In the case of the Valiant, your praise was directed more toward performance (in the accepted Detroit sense of the word). The practical man will be happy to hear of such useful characteristics as a 97-mile-per-hour top speed and the ability to "leave the others behind in a drag race." Finally, do not be surprised if your claim of a "sculptured European bearing" for the Valiant results in vigorous complaints from irate foreign manufacturers.
CLARK F. WAITE
•By and large, those who are most interested in automobiles for sport have an equally deep interest in new developments in automobiles for transportation, both big and small, American and foreign. Detroit's new compact cars represent "real pioneering" in the U.S. by the Big Three.
Reader Kamerlink might also be interested to know that an inaugural race between the new American compact cars and European imports of the same size is on the schedule of the Sebring international road racing course for December 12.—ED.

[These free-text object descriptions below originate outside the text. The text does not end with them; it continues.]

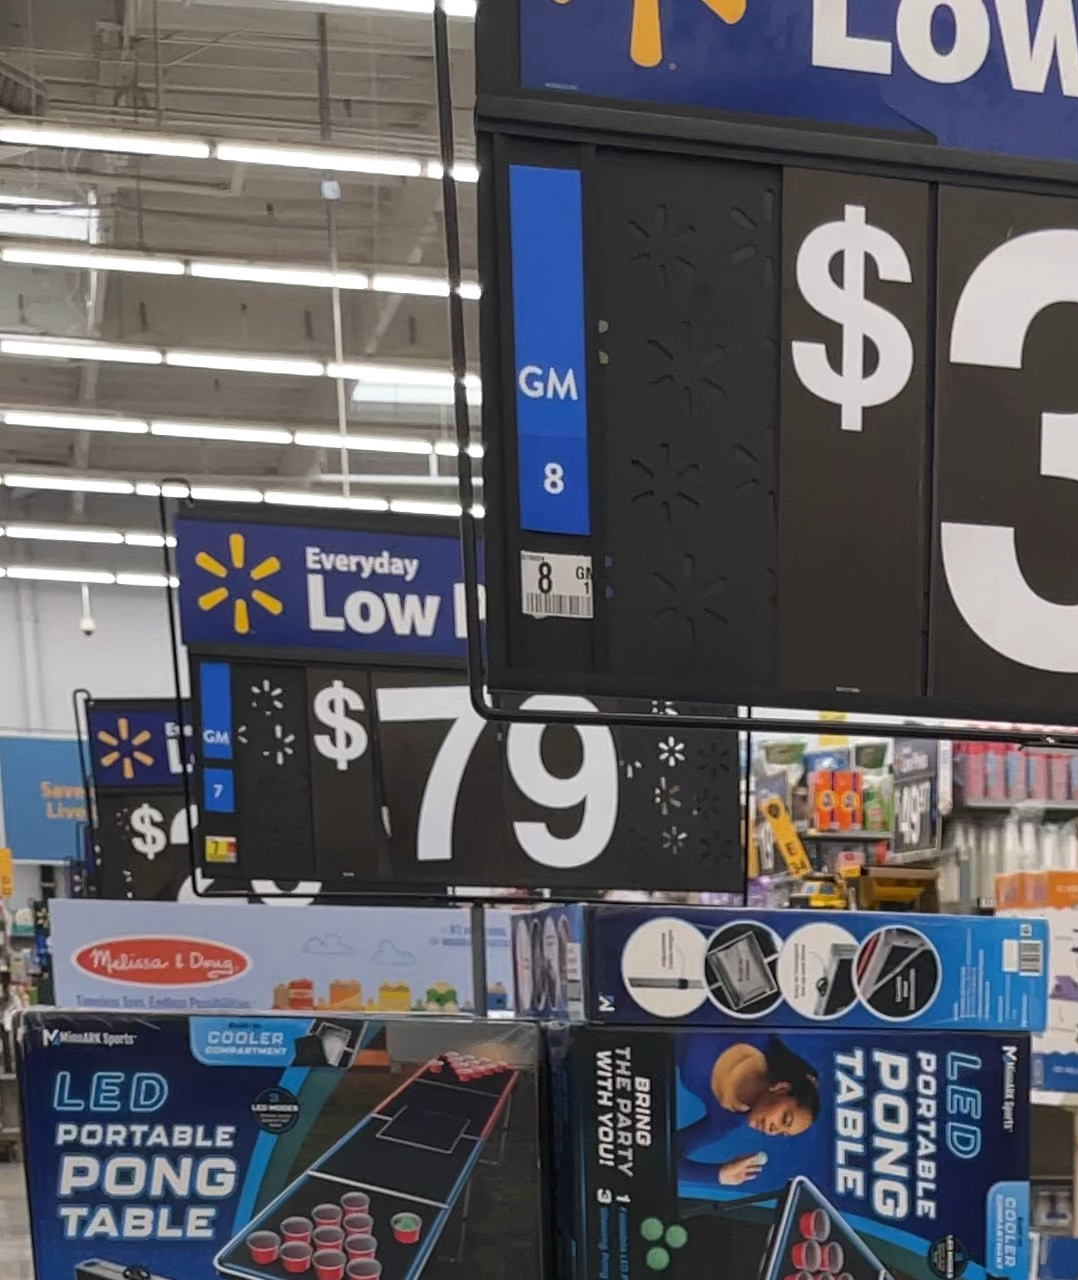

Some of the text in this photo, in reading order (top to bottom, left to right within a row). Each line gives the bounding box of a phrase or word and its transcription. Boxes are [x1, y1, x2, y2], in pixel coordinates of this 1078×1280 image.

[518, 365, 578, 401] GM
[543, 462, 565, 495] 8
[305, 548, 420, 581] Everyday
[538, 562, 552, 594] 8
[307, 582, 440, 636] Low
[203, 730, 230, 746] GM
[213, 784, 224, 798] 7
[89, 947, 236, 979] Melissa & Doug
[207, 1031, 285, 1045] COOLER
[54, 1072, 168, 1112] LED
[595, 1049, 614, 1167] WITH YOU!
[615, 1046, 634, 1177] THE PARTY
[634, 1076, 651, 1146] BRING
[945, 1051, 981, 1159] LED
[55, 1124, 236, 1148] PORTABLE
[835, 1048, 865, 1198] TABLE
[873, 1050, 909, 1219] PONG
[916, 1050, 937, 1219] PORTABLE
[59, 1156, 238, 1196] PONG
[60, 1206, 219, 1240] TABLE
[1004, 1197, 1017, 1268] COOLER

BOATING: HOME-STYLE HYDRO-JET
Have just read your article (The Almost No-water Boat, SI, Oct. 26) about the Turbocraft, which uses a principle somewhat similar to that I have been using in my hydro-jet outboard unit (which I use to drive an outrigger canoe on my seven-acre fish pond). I first thought up the double-worm design in 1926 for a hydraulic turbine. I designed and built the hydro-jet outboard shown in the pictures in the fall of 1956 and winter of 1957.
The unit has driven various boats many miles on the creeks and rivers of this section (the northern neck of Virginia). On September 16 I explored Hoskin's Creek, starting out from Tappahannock, Va., on the Rappahannock River.
My hydro-jet outboard unit can be tilted up a bit so that the water jet can be in the air giving additional thrust. The 1½ -hp four-cycle, vertical, one-cylinder gas engine gives a speed of six miles per hour or more. It can also go at very slow speeds. Good for fishing.
I go in about a foot of water, too; and with my air drive, in three or four inches of water.